Mentally, Major Stapleton rebuked himself. He should have sent Otis to the farmhouse and handled the blocking position himself. But he knew how obnoxious Otis would be to the Fitzsimmonses. Not that his own attempt at civility had made much difference.
He sent Sergeant Washington and two troopers back to the farmhouse to commandeer a horse and wagon for the wounded. They returned with a frightened-looking dark-haired kid in the straw-filled wagon.
“Found this guy hidin’ in the hay, Major,” Washington said.
“Are you a deserter?” Paul asked. The boy did not look old enough to be in the army.
“I got sick. I came home to see my mother,” he said. He began to blubber.
“You can explain it at your court-martial,” Paul said.
The deserter crouched in the back of the wagon while they loaded the wounded men onto the straw. They draped the body of the dead skirmisher over the empty saddle of one of the wounded troopers and rode slowly back to Keyport through the ferocious heat.
On July 21, 1864, they would celebrate the third anniversary of the first battle of Bull Run.

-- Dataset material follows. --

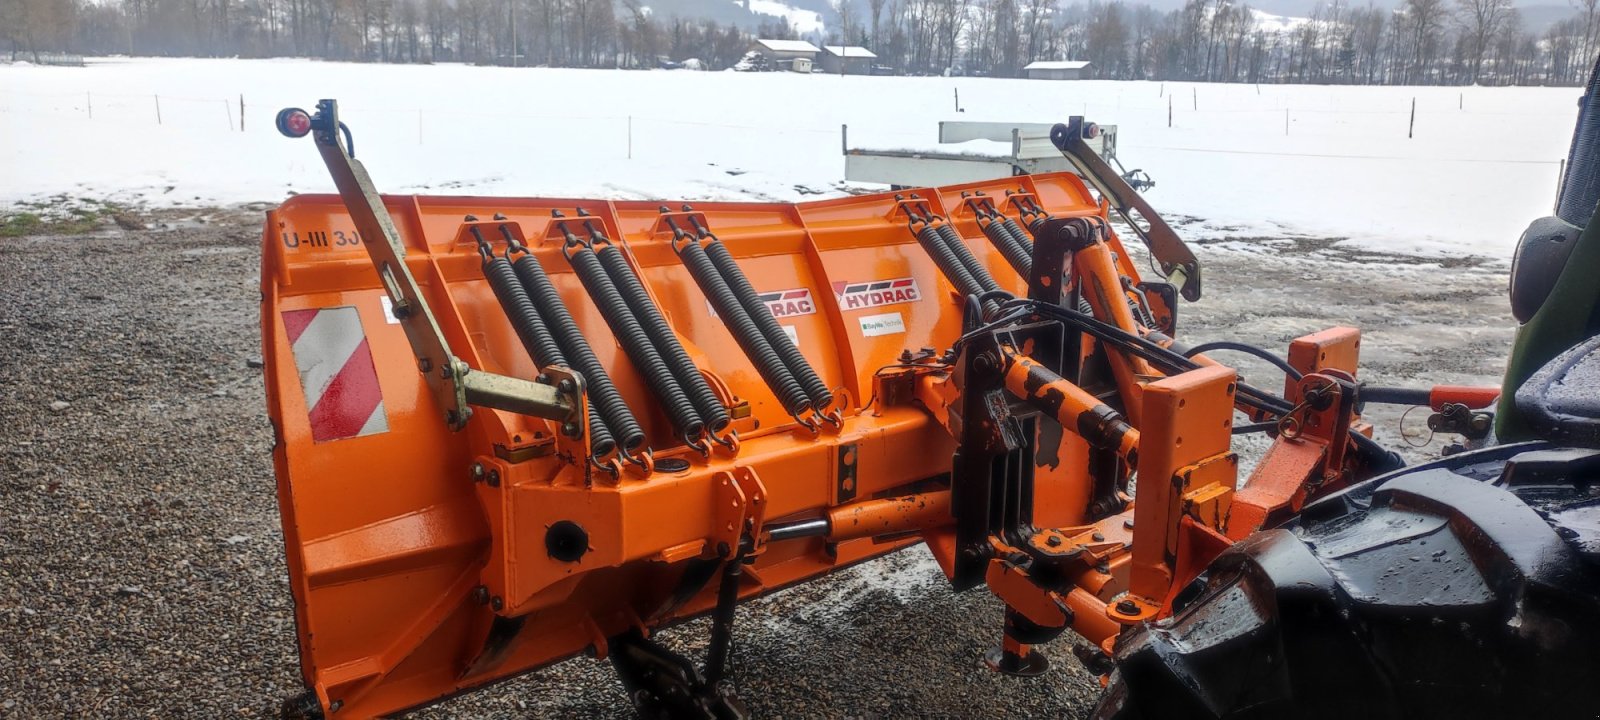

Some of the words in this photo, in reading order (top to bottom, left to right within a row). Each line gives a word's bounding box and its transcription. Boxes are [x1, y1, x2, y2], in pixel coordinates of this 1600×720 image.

Major Stapleton found himself remembering his brother, Jonathan Stapleton, confidently predicting that slavery had made the South soft and an army of 75,000 righteous northern men would suppress the secessionist rebellion in three months.
The last time Paul had seen brother Jonathan, he was recovering from a bullet in the knee that had left him with a permanent limp. His hair had turned snow-white, and he had an ugly scar on his right cheek where another southern bullet had struck him during the second battle of Bull Run, knocking out numerous teeth on that side of his mouth. Most of the New Jerseyans Jonathan had recruited for the regiment he raised in response to President Lincoln’s call for 75,000 volunteers were dead or wounded. Jonathan was now a major general in command of a division. He recently had confided to Paul that he feared the war might last another five years.
“You know what I think, Major?” Sergeant Washington said. “Them horse thieves wasn’t deserters. They was local Democrats. That thing was an ambush. They used this poor sucker we found in the straw as an excuse to shoot us up and steal some government horses.”
“I’m inclined to agree with you.”
“Could be a sign of big trouble ahead.”
Paul remembered Dr. Yancey’s warning that he might soon need another hundred men. “You might be right about that too,” he said.
Major Stapleton’s agreement with Sergeant Washington was mostly a formality. He did not really think the trouble would be bigger than they could handle. As a professional soldier, he actually liked the idea of a local uprising. It would be an interesting opportunity to develop new tactics and strategies that might prove useful when the army occupied the conquered South. It might also be dangerous enough to impress Janet Todd with his daring, even if she disapproved of his politics.